Warner isn’t listening. Warner is wrapped in delight. Oh, look at the way she moves. Watch—no, watch properly. The hair, already matted to her face with sweat. The muscles in her legs, twitching, trying to run in every direction at once. See everything that is revealed when a woman isn’t pretending to be graceful, when she’s reduced to an animal full of shit and blood. Warner can smell her.

Oh, thank you, Lord, for putting such things into the world. For putting them there and for blessing me with the knowledge of how they can be enjoyed. I’m sorry I have questioned you occasionally. I apologize for pretending sometimes that this is wrong.
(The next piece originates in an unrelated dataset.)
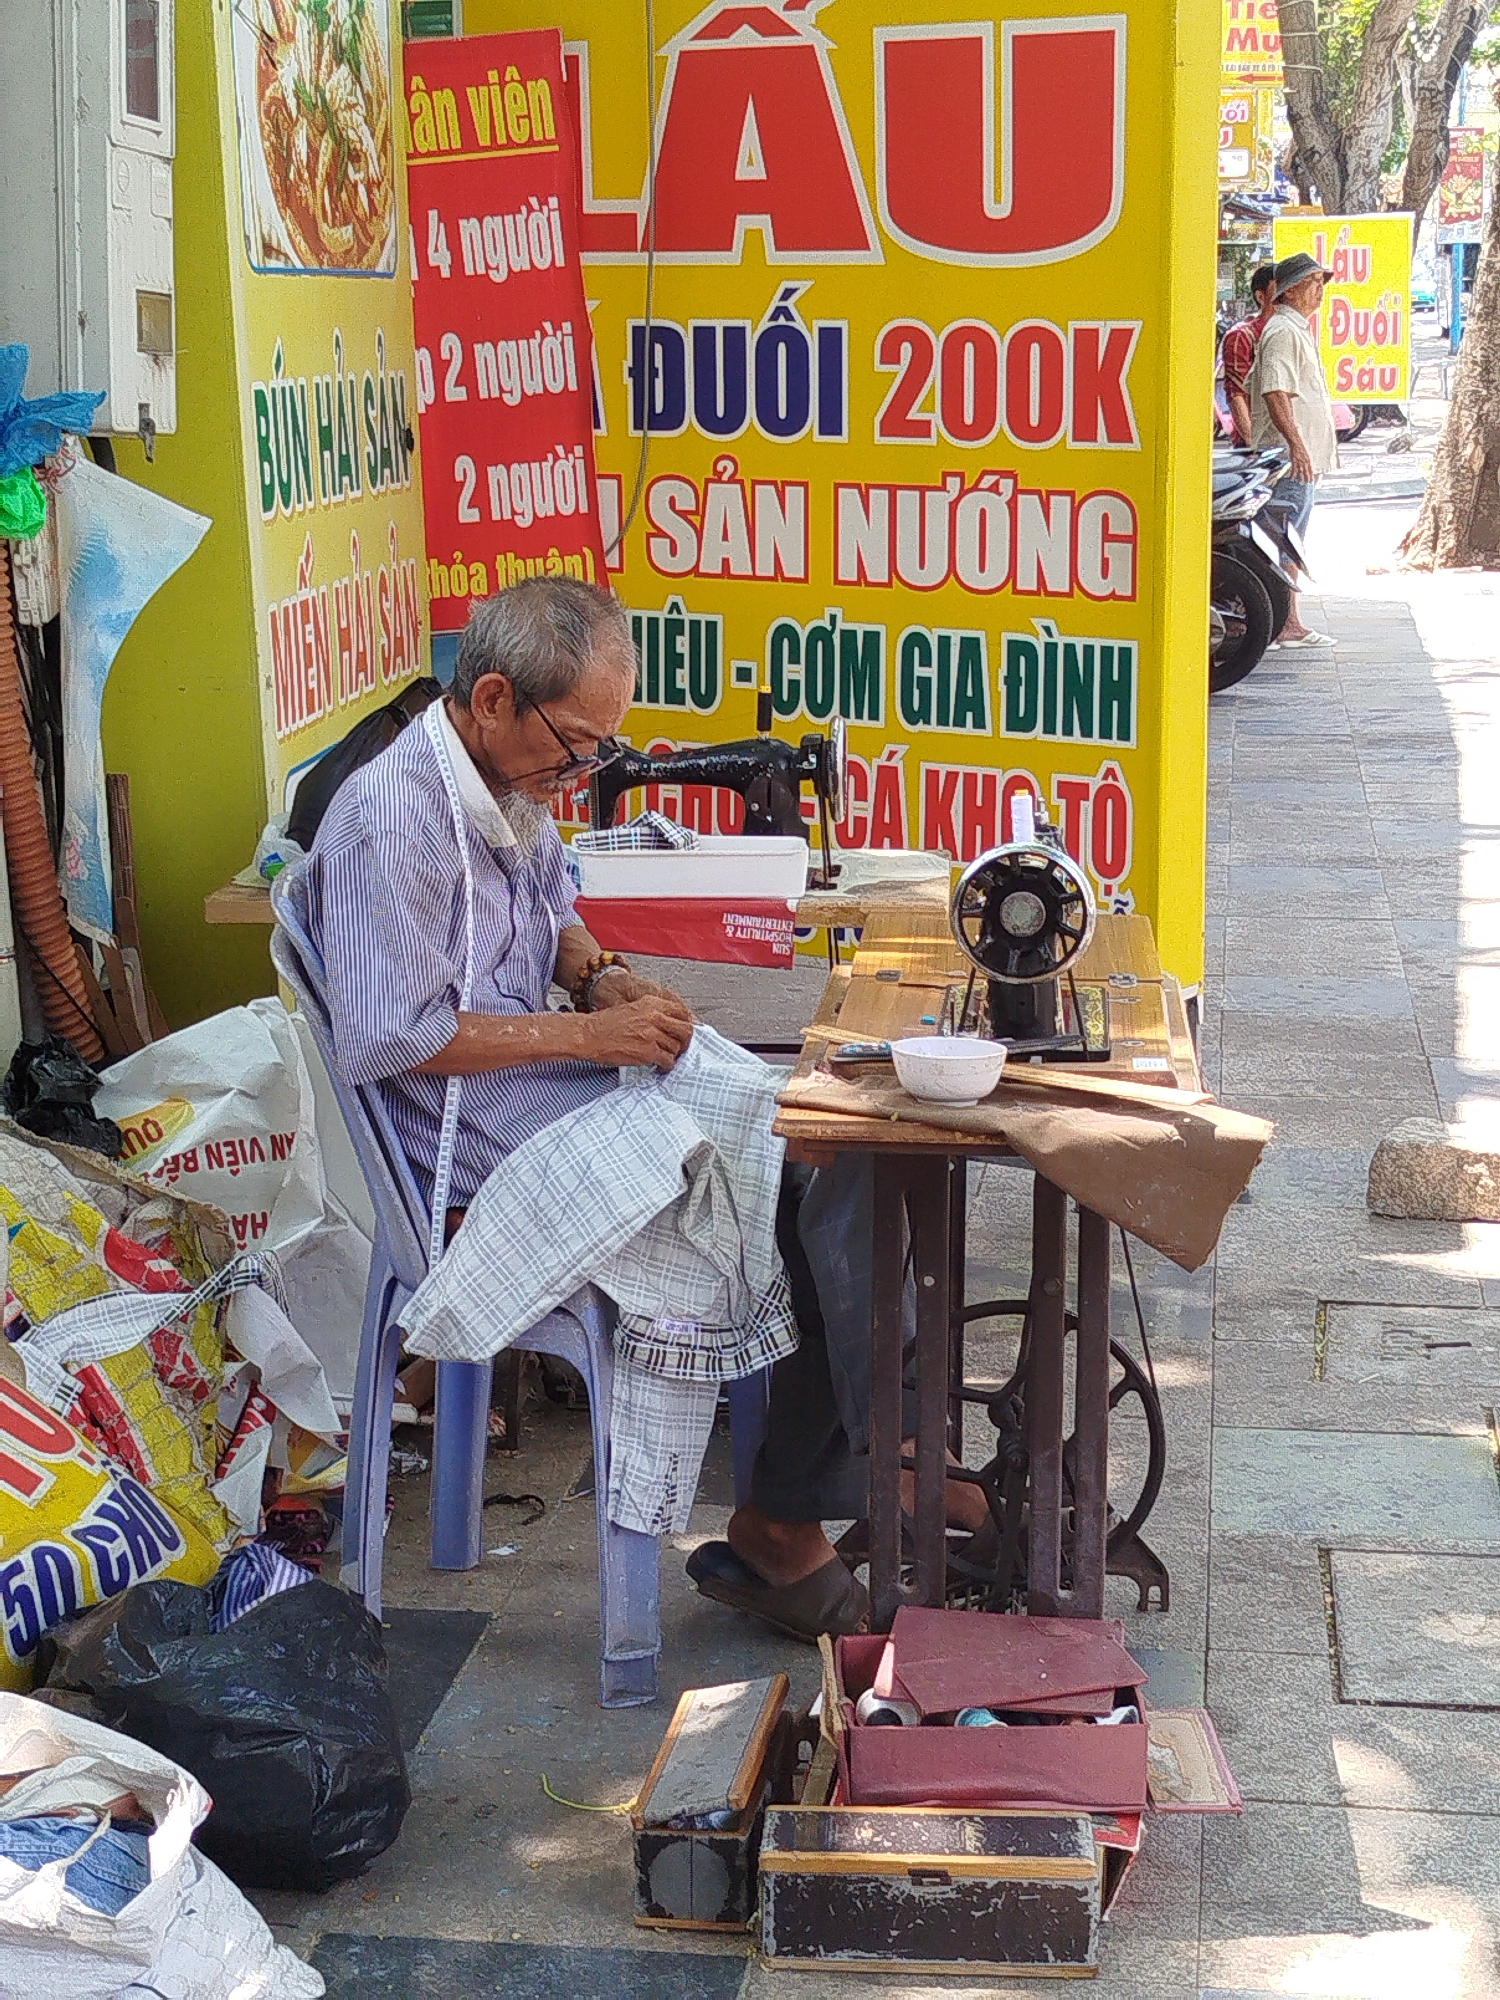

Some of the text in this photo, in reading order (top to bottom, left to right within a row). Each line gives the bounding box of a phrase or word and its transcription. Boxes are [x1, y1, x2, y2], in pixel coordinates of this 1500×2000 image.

It’s not wrong. It is unbelievable. It’s the point of being alive.

“Enjoy,” the woman says. “It’s the last time.”

Warner hears the two people leave the room and close the door. He gathers his will and strength, staggers to his feet. He’s laughing, or crying, he can’t tell which and he doesn’t care. His injured leg gives out and he drops onto one knee beside the woman on the sheet, who is now absolutely still, rigid, terrified, eyes like full moons.